**Brief**
What you return must match the records word for word, except that pictures are dropped.
[[ Dataset extract open ]]
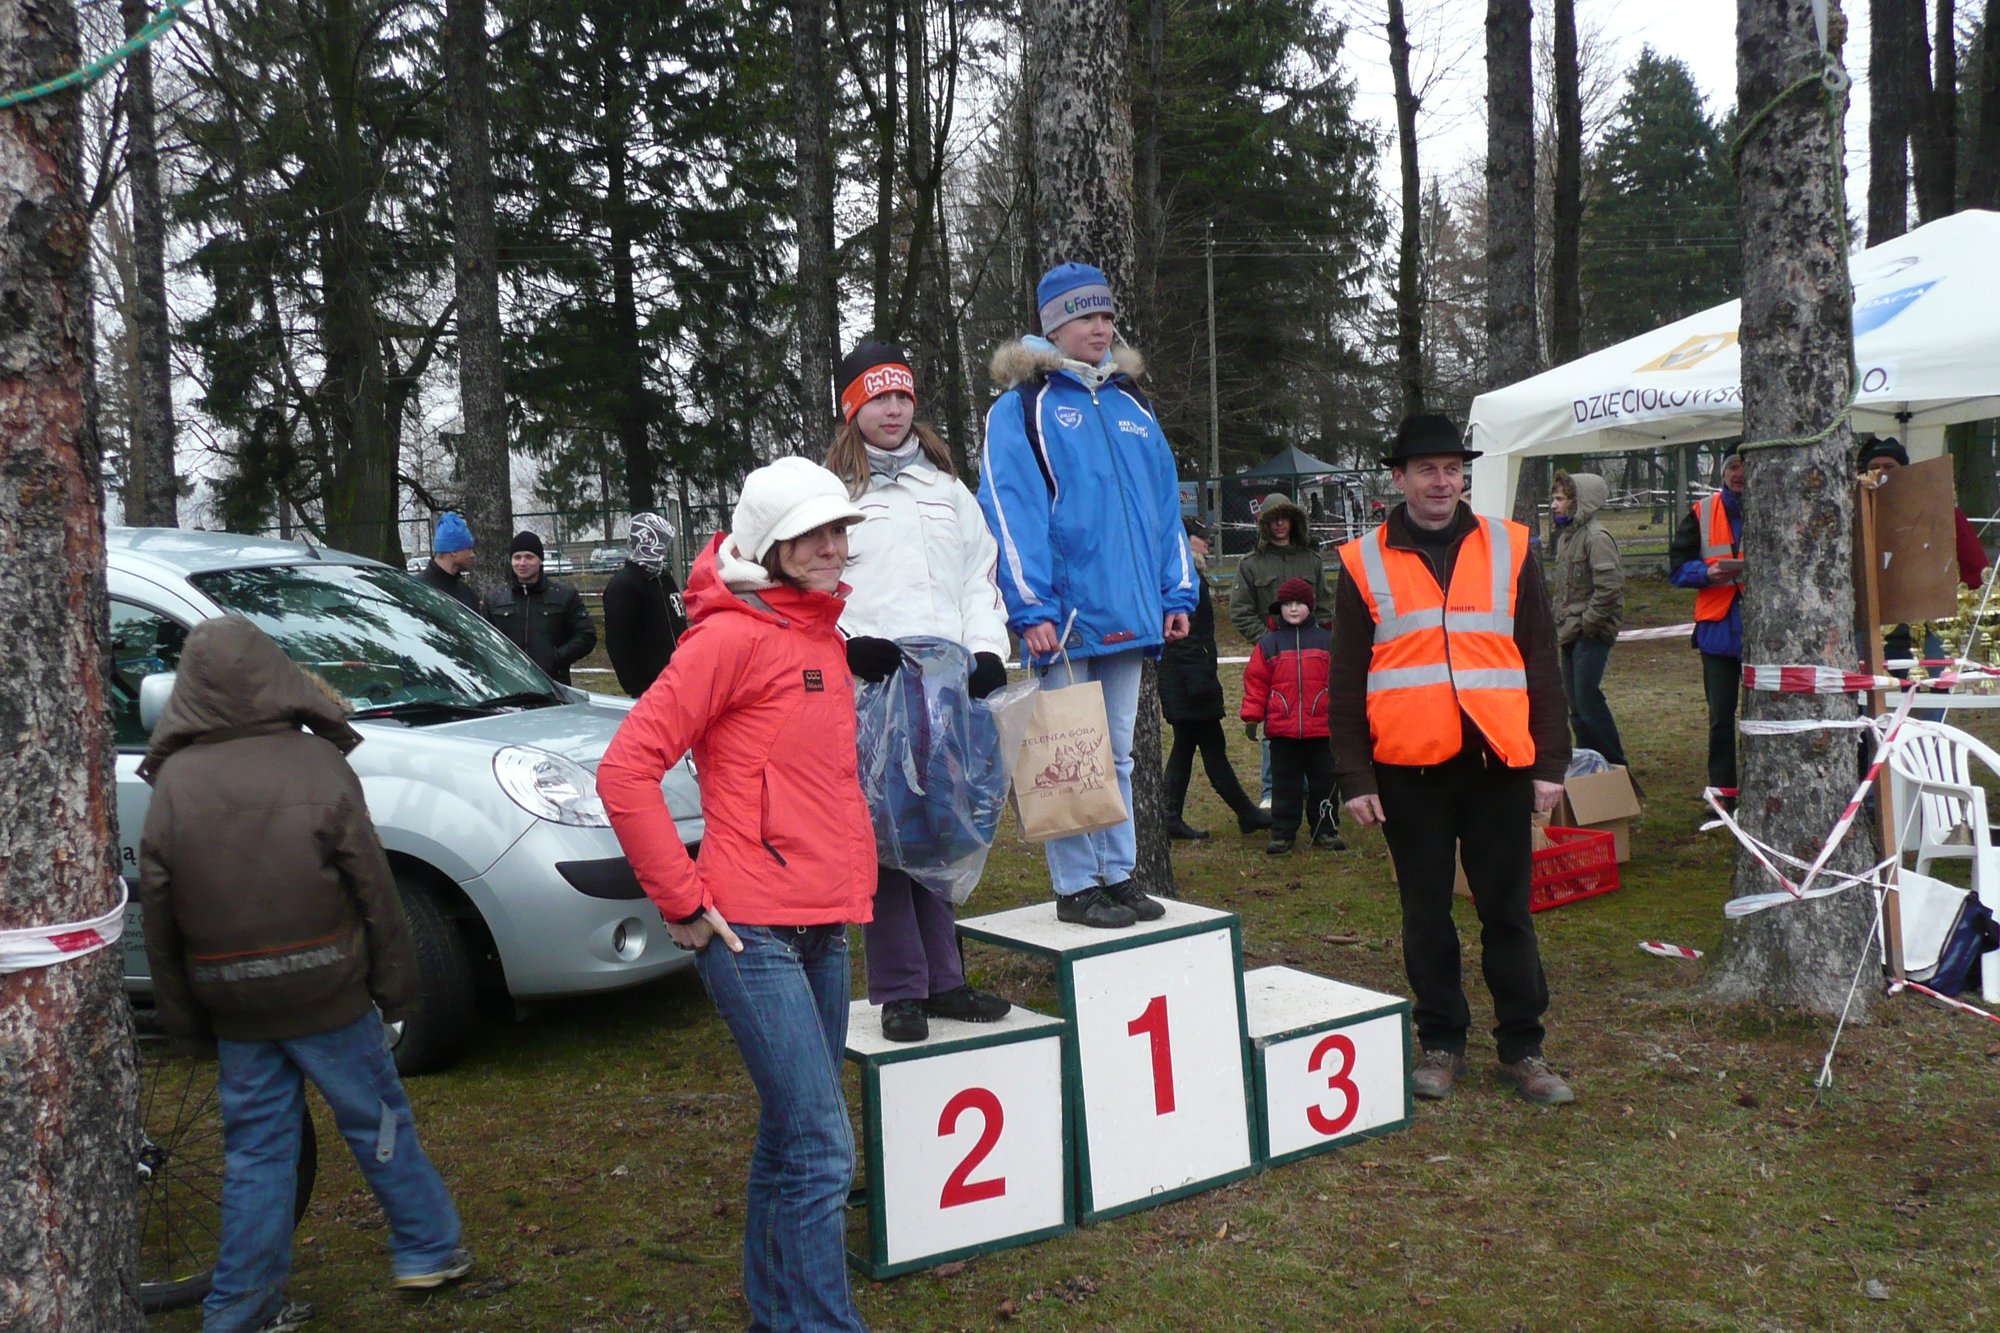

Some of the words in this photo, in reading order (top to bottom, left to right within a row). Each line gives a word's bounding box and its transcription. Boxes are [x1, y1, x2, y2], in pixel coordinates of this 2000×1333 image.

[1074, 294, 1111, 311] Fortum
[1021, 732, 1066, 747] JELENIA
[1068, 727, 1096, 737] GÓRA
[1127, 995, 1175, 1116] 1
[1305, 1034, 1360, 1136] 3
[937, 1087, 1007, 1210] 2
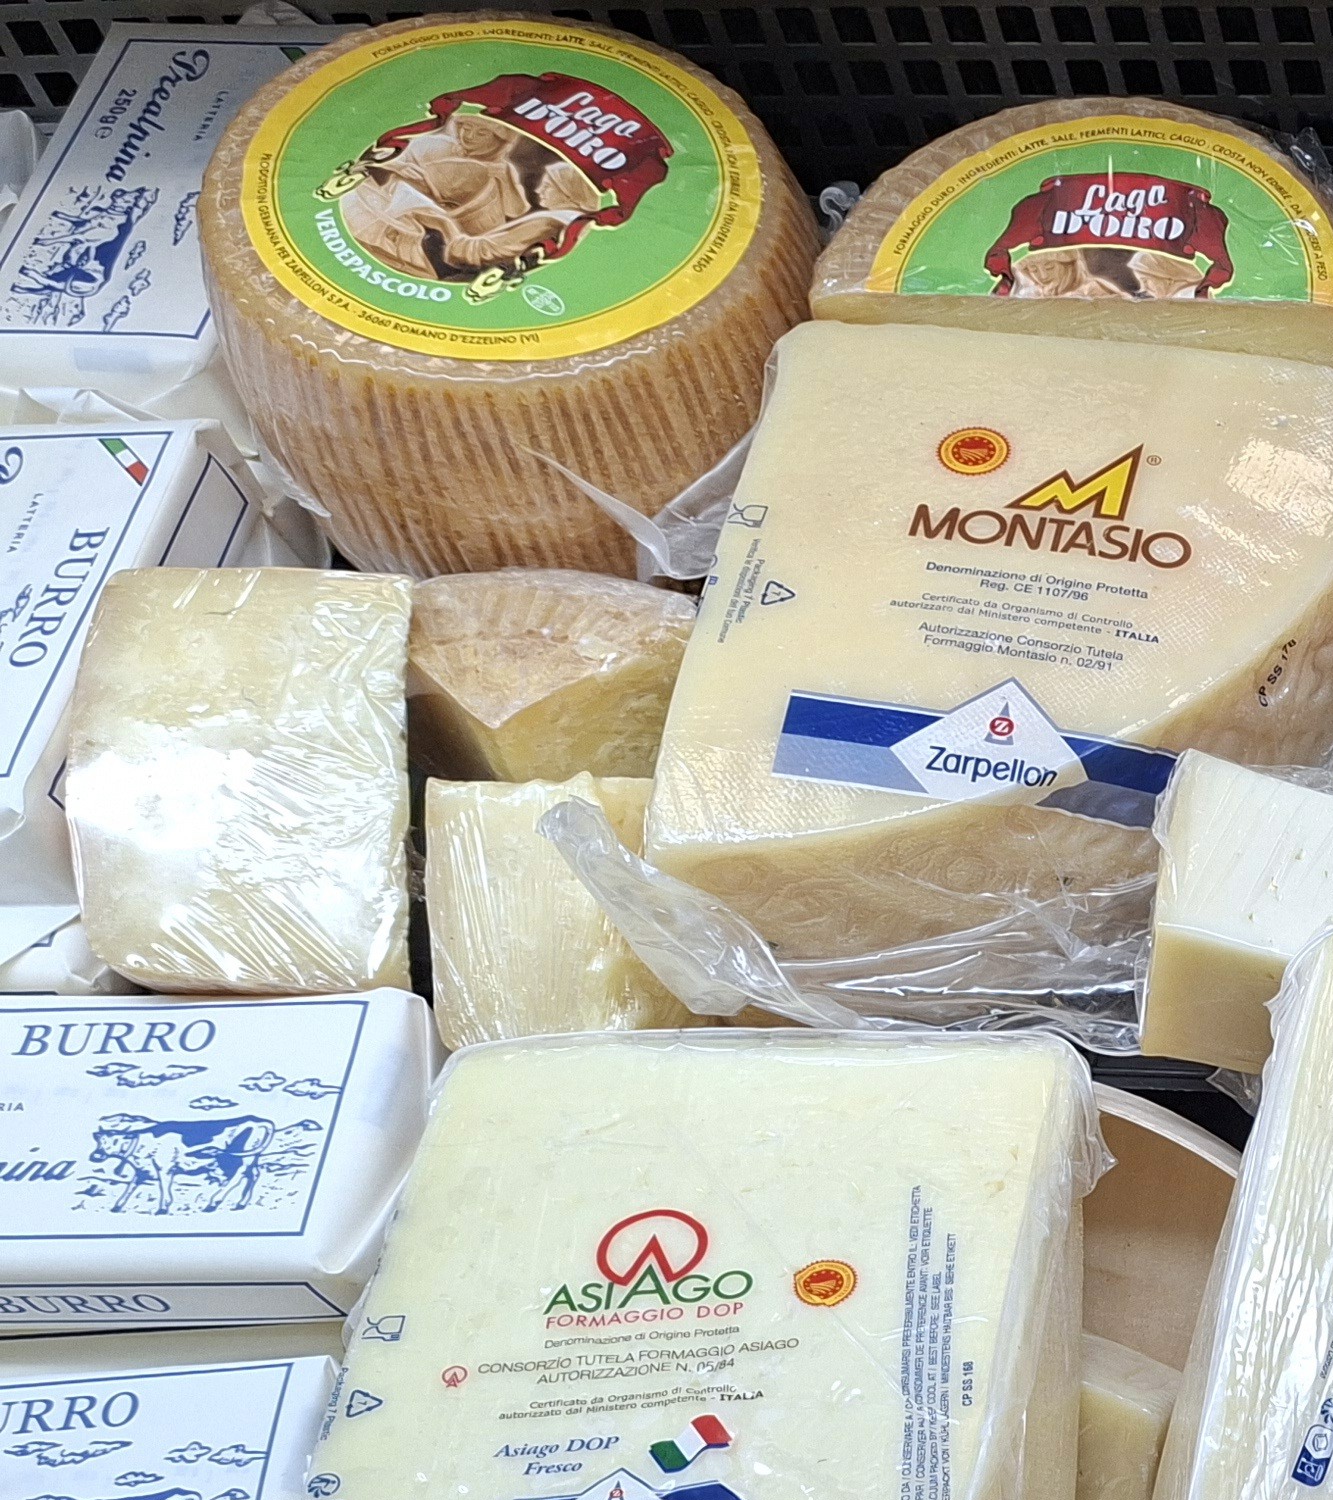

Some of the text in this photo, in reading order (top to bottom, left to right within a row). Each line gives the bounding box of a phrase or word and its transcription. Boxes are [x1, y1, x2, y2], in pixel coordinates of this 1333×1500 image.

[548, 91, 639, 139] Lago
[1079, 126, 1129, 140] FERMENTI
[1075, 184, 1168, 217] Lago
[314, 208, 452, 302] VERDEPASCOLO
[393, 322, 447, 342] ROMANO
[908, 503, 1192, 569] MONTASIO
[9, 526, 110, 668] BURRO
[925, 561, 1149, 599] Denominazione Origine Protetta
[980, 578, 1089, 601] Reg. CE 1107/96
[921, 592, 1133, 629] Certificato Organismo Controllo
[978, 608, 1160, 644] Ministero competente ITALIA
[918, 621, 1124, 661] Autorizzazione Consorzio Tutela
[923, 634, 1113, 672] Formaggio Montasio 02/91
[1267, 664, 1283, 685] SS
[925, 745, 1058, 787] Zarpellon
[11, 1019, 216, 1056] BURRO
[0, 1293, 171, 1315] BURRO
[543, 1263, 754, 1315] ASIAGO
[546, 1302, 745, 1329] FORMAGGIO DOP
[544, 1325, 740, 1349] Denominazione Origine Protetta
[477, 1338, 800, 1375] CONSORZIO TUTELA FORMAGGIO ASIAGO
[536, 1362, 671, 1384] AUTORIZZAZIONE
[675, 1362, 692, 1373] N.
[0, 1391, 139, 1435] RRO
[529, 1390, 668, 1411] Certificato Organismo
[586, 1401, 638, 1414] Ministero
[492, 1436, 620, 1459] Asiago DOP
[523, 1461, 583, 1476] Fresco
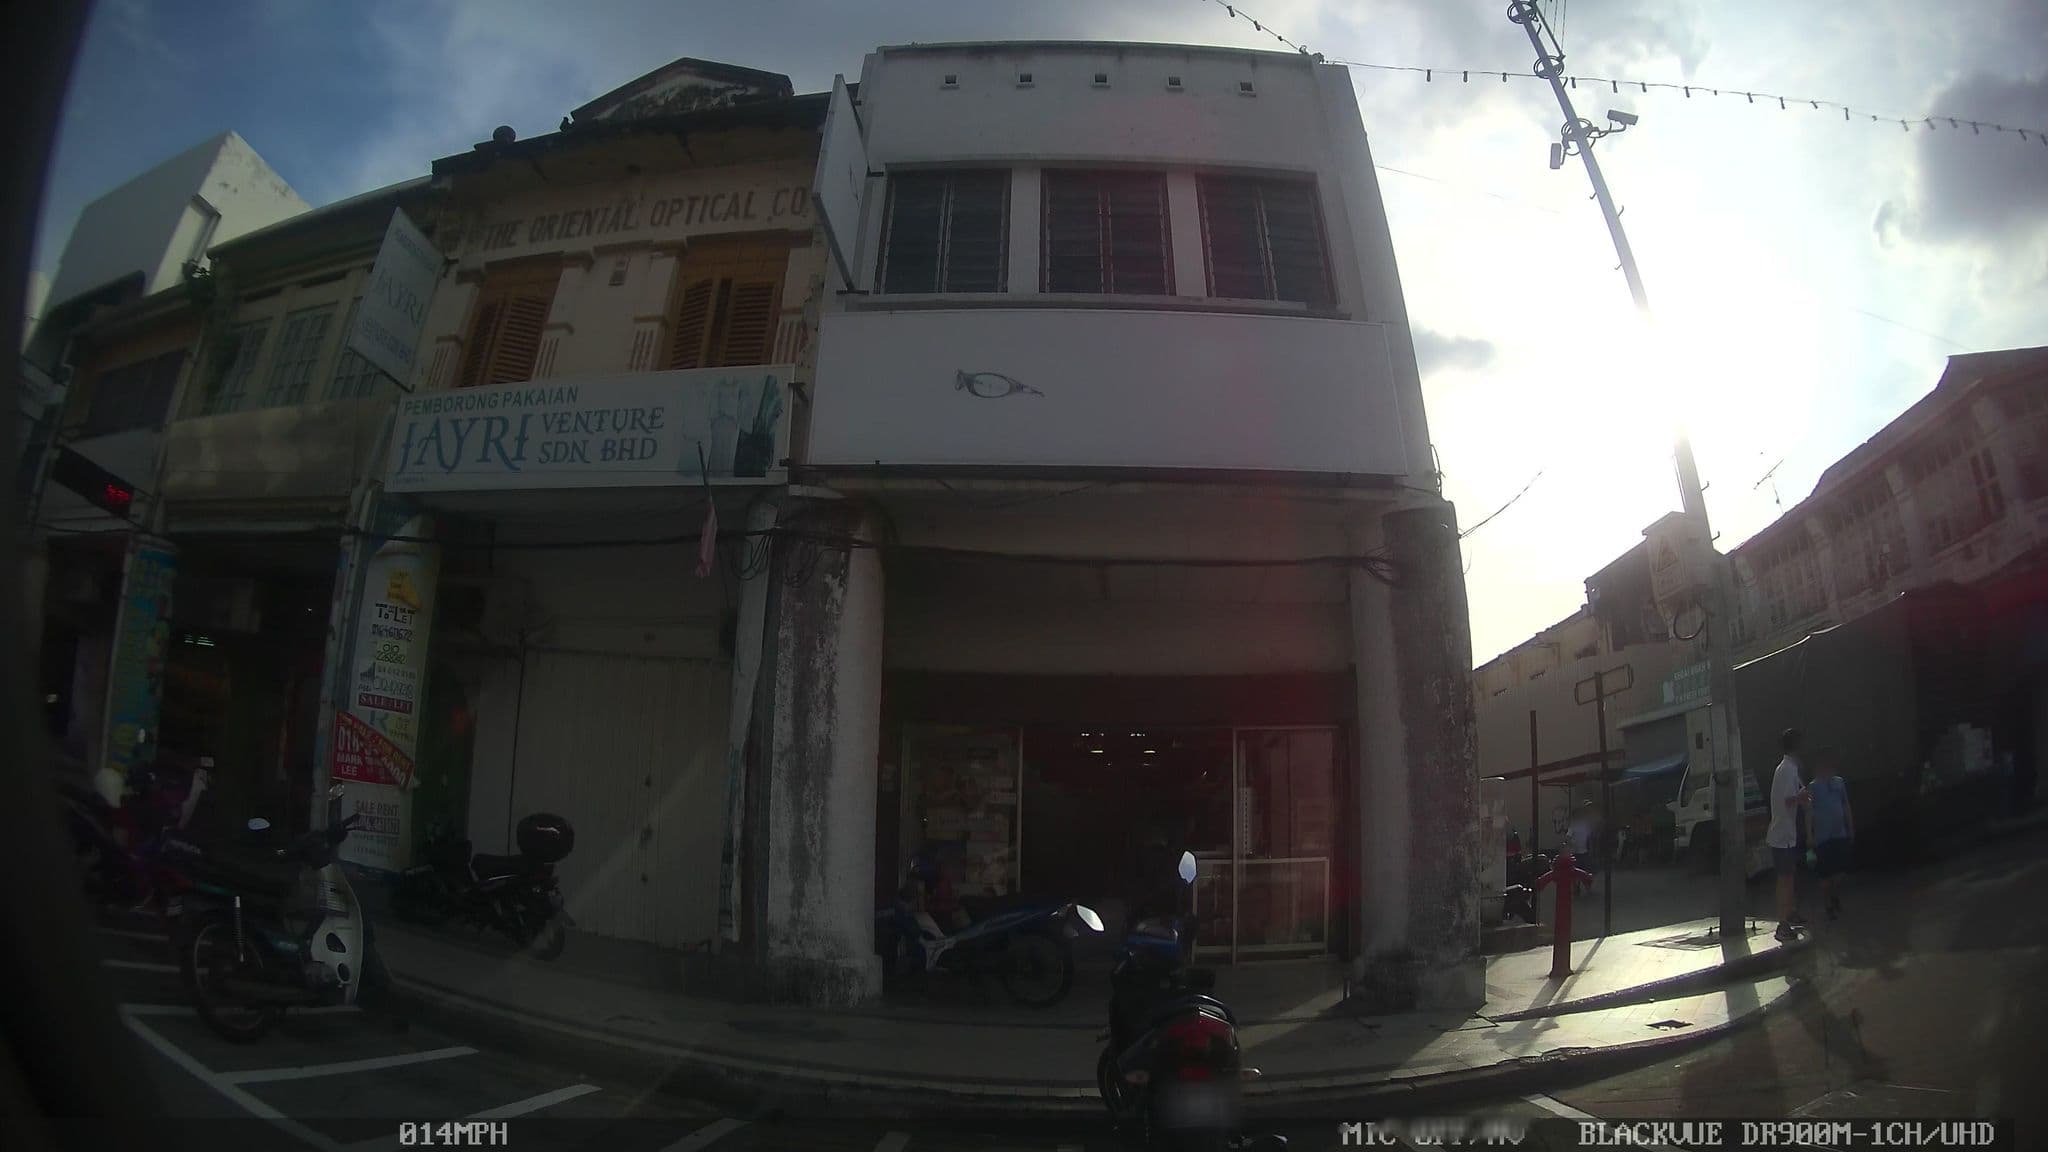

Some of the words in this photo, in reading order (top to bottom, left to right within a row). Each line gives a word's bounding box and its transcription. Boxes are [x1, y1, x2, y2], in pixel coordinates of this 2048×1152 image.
[[ Dataset extract closed ]]
**Written response**
Some of the words in this photo, in reading order (top to bottom, left to right within a row). Each line gives a word's bounding box and its transcription. Boxes are [x1, y1, x2, y2], in pixel coordinates of this 2000×1333 image.

[1074, 294, 1111, 311] Fortum
[1021, 732, 1066, 747] JELENIA
[1068, 727, 1096, 737] GÓRA
[1127, 995, 1175, 1116] 1
[1305, 1034, 1360, 1136] 3
[937, 1087, 1007, 1210] 2

Some of the text in this photo, in reading order (top to bottom, left to right within a row). Each line gives the bounding box of a phrase or word and its transcription. Boxes are [x1, y1, x2, y2], in pixel coordinates of this 1333×1500 image.

[548, 91, 639, 139] Lago
[1079, 126, 1129, 140] FERMENTI
[1075, 184, 1168, 217] Lago
[314, 208, 452, 302] VERDEPASCOLO
[393, 322, 447, 342] ROMANO
[908, 503, 1192, 569] MONTASIO
[9, 526, 110, 668] BURRO
[925, 561, 1149, 599] Denominazione Origine Protetta
[980, 578, 1089, 601] Reg. CE 1107/96
[921, 592, 1133, 629] Certificato Organismo Controllo
[978, 608, 1160, 644] Ministero competente ITALIA
[918, 621, 1124, 661] Autorizzazione Consorzio Tutela
[923, 634, 1113, 672] Formaggio Montasio 02/91
[1267, 664, 1283, 685] SS
[925, 745, 1058, 787] Zarpellon
[11, 1019, 216, 1056] BURRO
[0, 1293, 171, 1315] BURRO
[543, 1263, 754, 1315] ASIAGO
[546, 1302, 745, 1329] FORMAGGIO DOP
[544, 1325, 740, 1349] Denominazione Origine Protetta
[477, 1338, 800, 1375] CONSORZIO TUTELA FORMAGGIO ASIAGO
[536, 1362, 671, 1384] AUTORIZZAZIONE
[675, 1362, 692, 1373] N.
[0, 1391, 139, 1435] RRO
[529, 1390, 668, 1411] Certificato Organismo
[586, 1401, 638, 1414] Ministero
[492, 1436, 620, 1459] Asiago DOP
[523, 1461, 583, 1476] Fresco

Some of the words in this photo, in reading order (top to bottom, left to right within a row). Each line gives a word's bounding box and its transcription. Boxes are [x1, y1, x2, y2], in pixel coordinates of this 2048×1152 image.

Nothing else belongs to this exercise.